───── STUDY MATERIAL

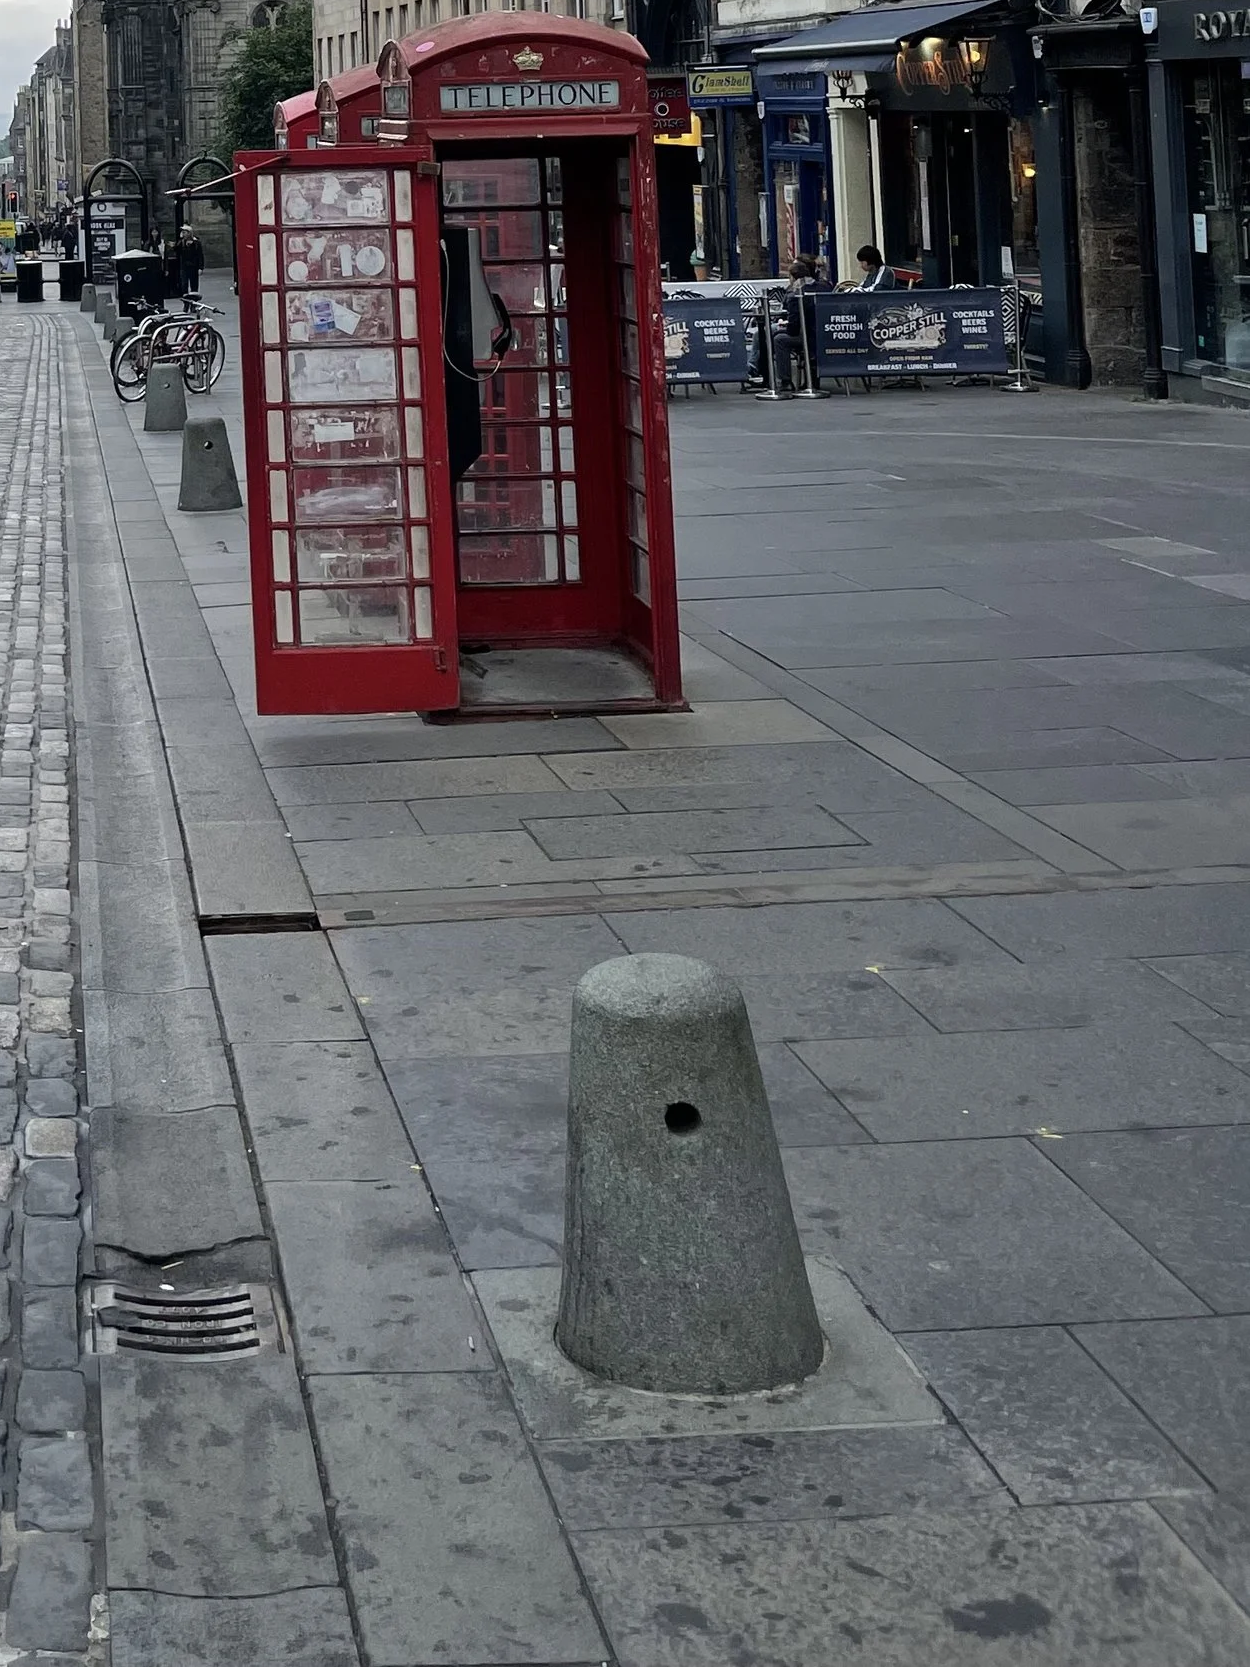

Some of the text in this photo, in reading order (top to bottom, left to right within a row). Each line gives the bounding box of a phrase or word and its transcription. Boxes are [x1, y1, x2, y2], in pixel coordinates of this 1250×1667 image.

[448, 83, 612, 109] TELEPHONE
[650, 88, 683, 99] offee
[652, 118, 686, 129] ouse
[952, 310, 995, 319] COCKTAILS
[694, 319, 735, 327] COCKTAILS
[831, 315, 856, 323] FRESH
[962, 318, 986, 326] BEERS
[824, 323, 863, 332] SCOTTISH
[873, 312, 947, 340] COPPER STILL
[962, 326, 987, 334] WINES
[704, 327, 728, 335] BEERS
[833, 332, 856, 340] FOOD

──────────
───── STUDY MATERIAL

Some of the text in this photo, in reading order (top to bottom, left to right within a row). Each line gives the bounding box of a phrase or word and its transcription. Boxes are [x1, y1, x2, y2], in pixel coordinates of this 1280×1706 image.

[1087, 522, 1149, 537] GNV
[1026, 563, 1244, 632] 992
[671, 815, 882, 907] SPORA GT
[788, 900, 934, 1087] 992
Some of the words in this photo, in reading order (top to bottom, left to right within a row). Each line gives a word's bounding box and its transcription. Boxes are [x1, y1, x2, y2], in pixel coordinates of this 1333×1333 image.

──────────

[REQUIRED WORK] Beginning at the line with "this 1280×1706 image." and ending at the line with "Some of the words", reproduce each line of the data above exactly, and add no other lines.

[REPLY TO THE EXERCISE]
Some of the text in this photo, in reading order (top to bottom, left to right within a row). Each line gives the bounding box of a phrase or word and its transcription. Boxes are [x1, y1, x2, y2], in pixel coordinates of this 1280×1706 image.

[1087, 522, 1149, 537] GNV
[1026, 563, 1244, 632] 992
[671, 815, 882, 907] SPORA GT
[788, 900, 934, 1087] 992
Some of the words in this photo, in reading order (top to bottom, left to right within a row). Each line gives a word's bounding box and its transcription. Boxes are [x1, y1, x2, y2], in pixel coordinates of this 1333×1333 image.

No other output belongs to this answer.